All Products
Search
Document Center

DataWorks:Best practices for configuring EMR clusters used in DataWorks

Last Updated:Mar 27, 2026

When you register an E-MapReduce (EMR) DataLake cluster to a DataWorks workspace and run EMR nodes (EMR Hive, EMR MR, EMR Presto, EMR Spark SQL), the default component settings are often insufficient for production workloads. This topic covers recommended memory configurations for Kyuubi, Spark, and Hadoop Distributed File System (HDFS), and explains how to isolate metadata between the development and production environments.

Configure EMR components

Kyuubi

In the production environment, set the following JVM memory parameters:

Parameter Recommended value Description
kyuubi_java_opts 10g or larger Heap size for the Kyuubi server JVM. A larger heap reduces garbage collection (GC) pressure under concurrent query load.
kyuubit_beeline_opts 2g or larger Heap size for the Beeline client. Increase this value if your queries return large result sets.

Spark

Spark's default memory allocation is conservative. Tune the following parameters based on your cluster size and workload:

Parameter Scope Description
spark.driver.memory Driver Heap size for the Spark driver. Increase if the driver handles large broadcast variables or collects significant data.
spark.driver.memoryOverhead Driver Off-heap memory reserved for the driver JVM. Adjust based on your cluster scale and workload.
spark.executor.memory Executor Heap size for each executor. This is the primary parameter for tuning executor performance.

Pass these parameters via spark-submit to apply them at the job level without affecting other workloads on the cluster:

spark-submit \
  --conf spark.driver.memory=4g \
  --conf spark.driver.memoryOverhead=512m \
  --conf spark.executor.memory=8g \
  ...

For the full list of Spark memory configuration options, see Spark memory management.

Data lineage support

Important

Not all EMR node types in DataWorks generate lineage data. Review the following constraints before designing pipelines that depend on lineage.

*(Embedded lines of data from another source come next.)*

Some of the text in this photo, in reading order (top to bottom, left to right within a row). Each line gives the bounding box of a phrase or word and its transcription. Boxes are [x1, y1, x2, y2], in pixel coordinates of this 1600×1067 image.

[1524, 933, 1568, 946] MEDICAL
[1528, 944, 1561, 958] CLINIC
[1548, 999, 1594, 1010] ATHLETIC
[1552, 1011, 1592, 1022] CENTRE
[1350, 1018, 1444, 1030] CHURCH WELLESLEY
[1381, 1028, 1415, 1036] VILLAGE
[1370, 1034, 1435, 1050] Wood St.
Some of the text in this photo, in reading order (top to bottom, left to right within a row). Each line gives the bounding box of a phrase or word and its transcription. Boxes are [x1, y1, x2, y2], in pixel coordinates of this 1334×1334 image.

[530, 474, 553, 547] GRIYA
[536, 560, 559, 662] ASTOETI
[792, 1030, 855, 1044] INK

Node type Table-level lineage Column-level lineage
EMR Hive Supported Supported
EMR Spark Supported (Spark 2.x only) Not supported
EMR Spark SQL Supported (Spark 2.x only) Not supported
EMR MR Not supported Not supported
EMR Presto Not supported Not supported

HDFS

HDFS daemon memory is controlled through the following parameters. Adjust these based on your cluster size — larger clusters with more data nodes and higher namespace load require more heap:

Parameter Component Description
hadoop_namenode_heapsize NameNode Heap size for the NameNode JVM. Increase for clusters with a large number of files and blocks.
hadoop_datanode_heapsize DataNode Heap size for each DataNode JVM.
hadoop_secondary_namenode_heapsize Secondary NameNode Heap size for the Secondary NameNode, which handles periodic checkpointing.
hadoop_namenode_opts NameNode Additional JVM options for the NameNode, such as GC tuning flags.

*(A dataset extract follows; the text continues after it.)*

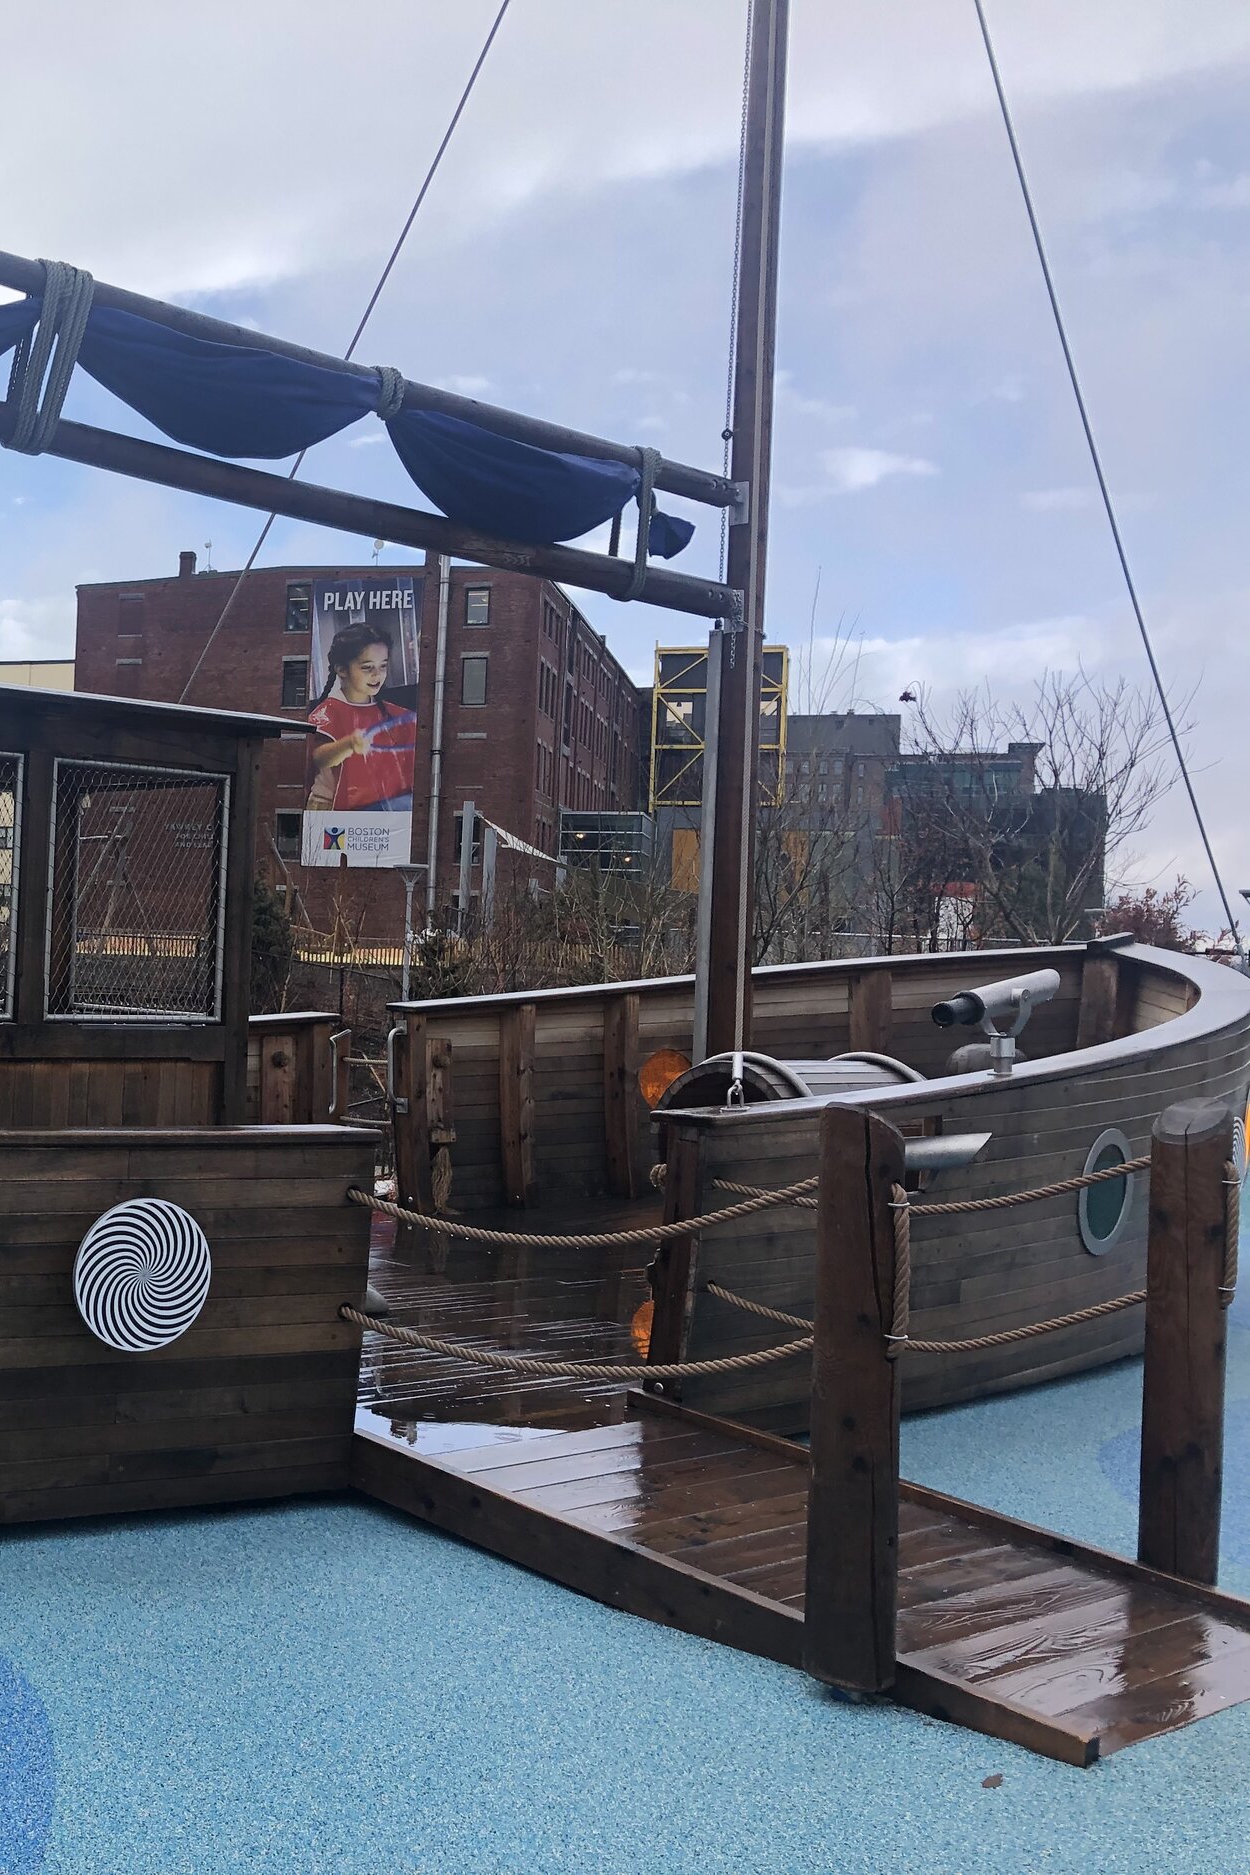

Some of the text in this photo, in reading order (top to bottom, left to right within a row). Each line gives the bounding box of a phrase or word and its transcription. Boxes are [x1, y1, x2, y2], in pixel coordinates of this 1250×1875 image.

[323, 589, 414, 611] PLAY HERE
[347, 827, 390, 836] BOSTON
[347, 842, 390, 851] MUSEUM

Isolate metadata between environments

When a DataWorks workspace runs in standard mode, you must register two separate EMR clusters — one for the development environment and one for the production environment. Register both on the Data Sources page in SettingCenter.

To meet the data isolation requirement, back each cluster's metadata with a separate ApsaraDB RDS database. Using a single database for both environments allows development changes to affect production metadata, which defeats the purpose of environment isolation.

For setup steps and additional usage notes, see Usage notes for development of EMR tasks in DataWorks.